A las condiciones anteriores sumaban el deber de los socios de «revelarse entre sí cuantos secretos emanen de la construcción de la máquina sin que se oculte ni el más significante», y la advertencia, a quien se separase y confesara la clave del invento, de tener que enfrentarse no solo a los 6.600 reales de multa, sino también a la persecución ante los tribunales. En caso de fallecimiento, los herederos podían optar «a la parte de interés que pueda reportar la asociación» y reclamar las cuentas pendientes. Entretanto, la prensa nacional no cesaba de dar noticias relacionadas con este afán: en Sevilla, por ejemplo, los trabajos estaban en curso, y en Baeza, Luciano Saura confesaba tener lista una «máquina sencilla que funciona por sí sola», que podía ser aplicada a la industria e incluso ser la base para construir «un autómata».
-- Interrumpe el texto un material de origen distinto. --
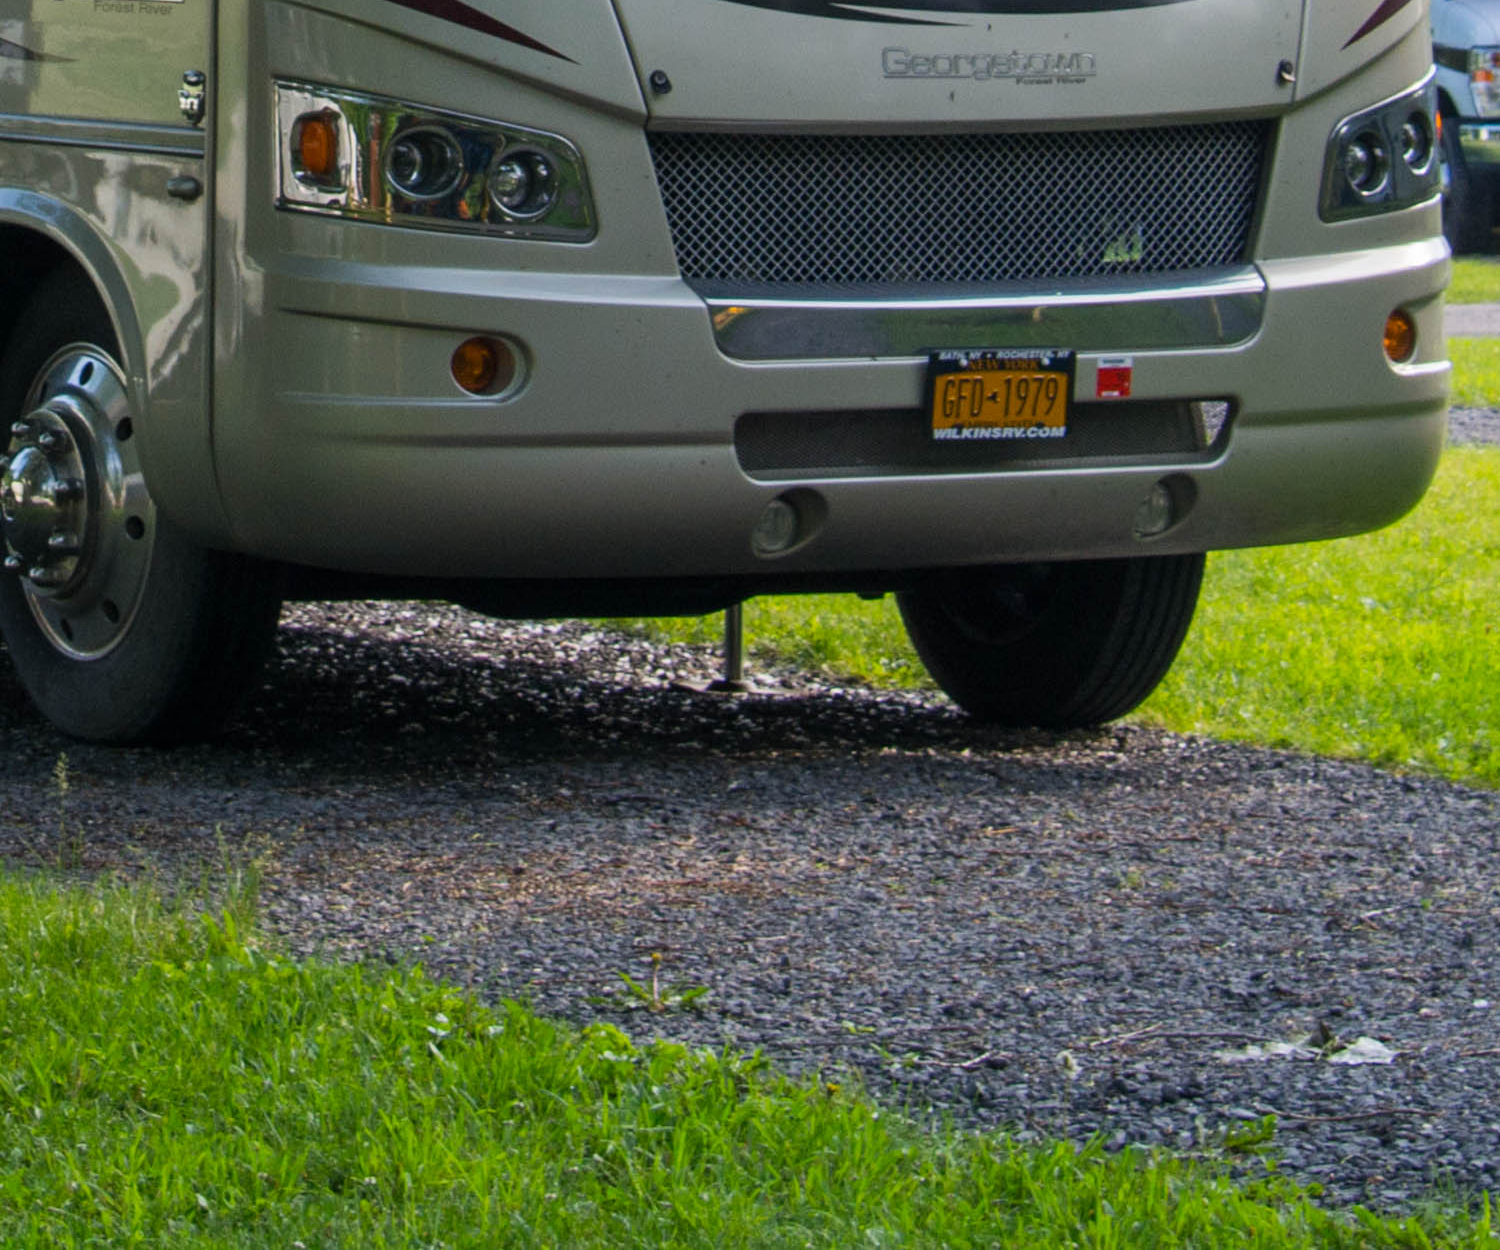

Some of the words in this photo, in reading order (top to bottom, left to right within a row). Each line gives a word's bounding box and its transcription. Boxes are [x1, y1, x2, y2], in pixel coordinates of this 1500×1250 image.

[139, 2, 173, 15] River
[881, 46, 1097, 81] Georgetown
[970, 359, 999, 370] NEW
[1004, 358, 1039, 370] YORK
[933, 426, 1067, 440] WILKINSRV.COM
Pero ninguno de los supuestos inventores escapó del fracaso. Incapaces de contradecir las leyes de la termodinámica, las flamantes máquinas de movimiento perpetuo, encargadas de conseguir energía de la nada, no pasaron del papel. Así lo debieron de comprobar los cuatro vallisoletanos y sus socios, toda vez que el mismo protocolo notarial de 8 de mayo de 1849 contiene una anotación «dejando nula, de ningún valor ni efecto la presente escritura por la disolución voluntaria del compromiso en la misma consignado». Era el 20 de septiembre: el sueño de la energía eterna y gratuita solo había durado cuatro meses.